Ha - am so glad to have other fellow Idlers! (Sorry, had to go to bed last night - due to smallest ds's v un-idle habit of waking up at 4.30am at the moment.)
Cathycat (assuming you are one and the same as cathcat, used to chat to you about our lovely dads long time ago) - I totally agree about lazy Saturdays - ds1 REFUSES to get out of his pyjamas on Saturday mornings, and mithers about playing quite happily. We usually do something together when ds2 is napping, like cooking, hama beads, reading...but the rest of the time he's left to his own devices whilst I potter around and get on with things. Tis lovely! Suits us all. Can't think of anything worse than rushing out to football, ballet or whatever else every Saturday morning.

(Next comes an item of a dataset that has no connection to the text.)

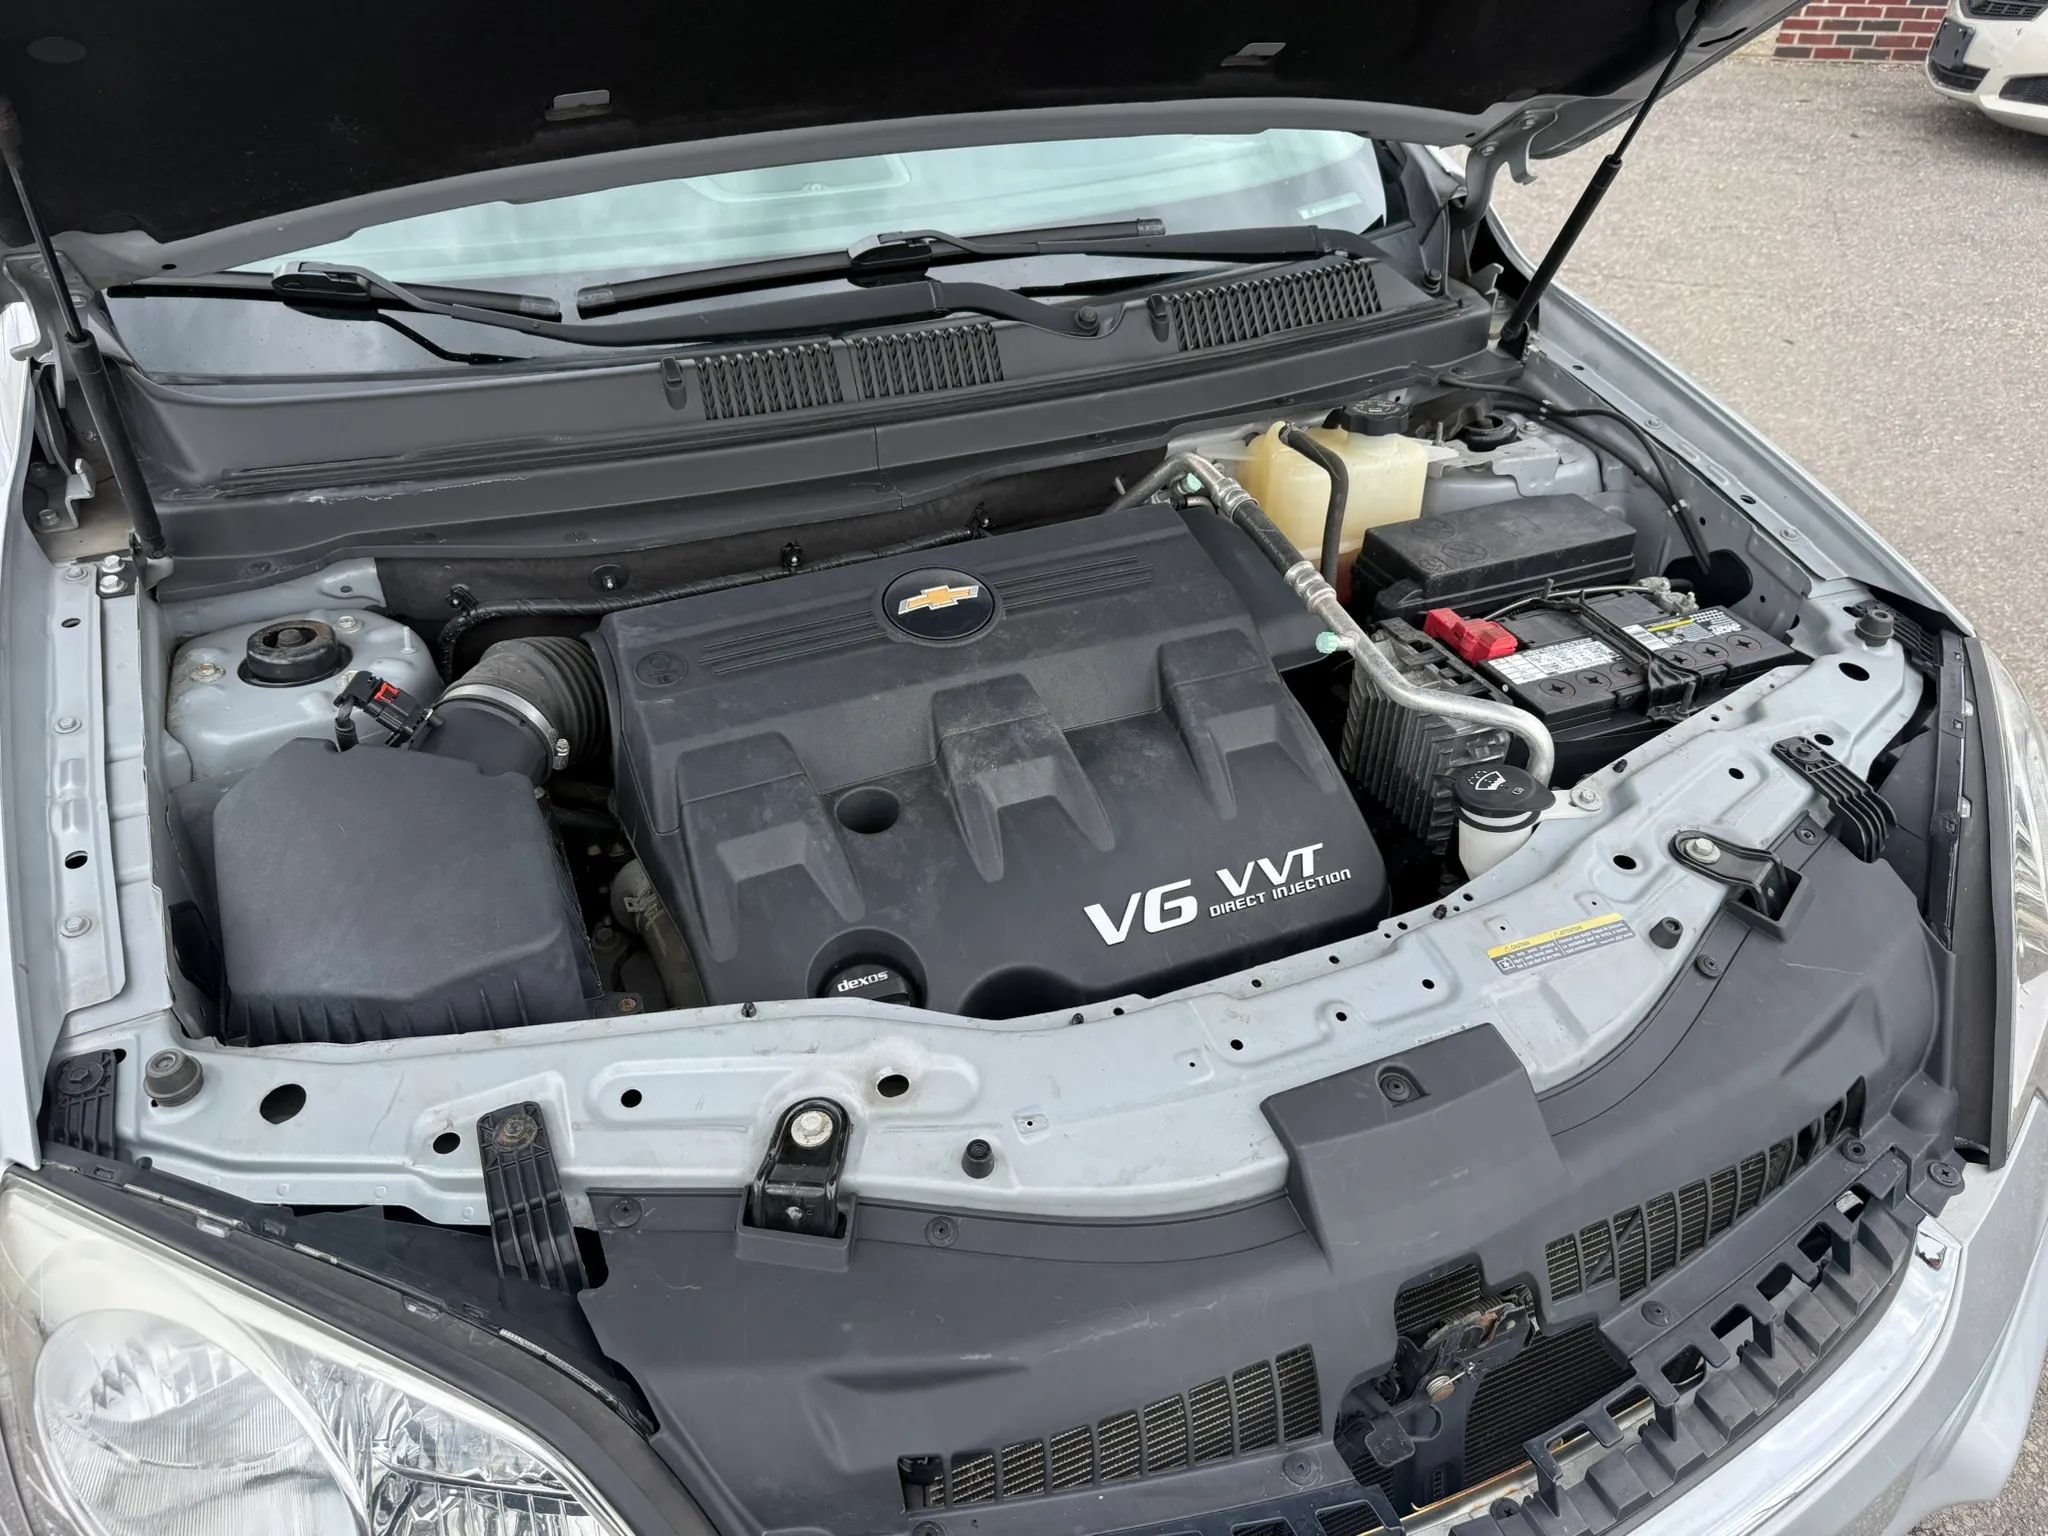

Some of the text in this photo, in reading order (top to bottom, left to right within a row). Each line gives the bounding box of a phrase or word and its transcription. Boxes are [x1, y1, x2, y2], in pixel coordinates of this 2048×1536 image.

IShallWearMidnight · 30/01/2011 09:01

i like it when DD2 (13) is bored becasue she cleans and bakes - couple of weekends ago she cleaned the insides of all the windows which hadn't been done for a long time while; most of this week she has been baking cakes, scones and flapjacks in the evening (although not washing up after herself); and at the moment she is clearing up all of the downstairs in preparation for hoovering. Leaves me with loads of time to MN get on wiht other things Wink

FreudianSlippery · 30/01/2011 09:08

"So, boredom is not a bad thing, it's an opportunity."

I totally agree.

There is so much pressure on parents to constantly entertain their children - whether through homework, extra workbooks, 'quality time', crafts or expensive after-school activities. IMO it's largely due to the emphasis on exam results, and it starts so young due to SATs Angry

When I resist the temptation to direct DD's play I am amazed with what she comes up with all by herself! She makes so many discoveries because children are naturally curious. If a parent takes over ALL of their play, this can easily be drummed out of them.

Mendip · 30/01/2011 10:07

In my experience boredom is the last factor with teens confined to highly pressurised schools who then become ill e.g. anorexia, self harming. The reasons are hugely complex but not enough time to think or reflect plus ridiculous workloads play a major part !! More boredom for our children please, well not boredom but downtime to let what they're learning about life naturally filter through.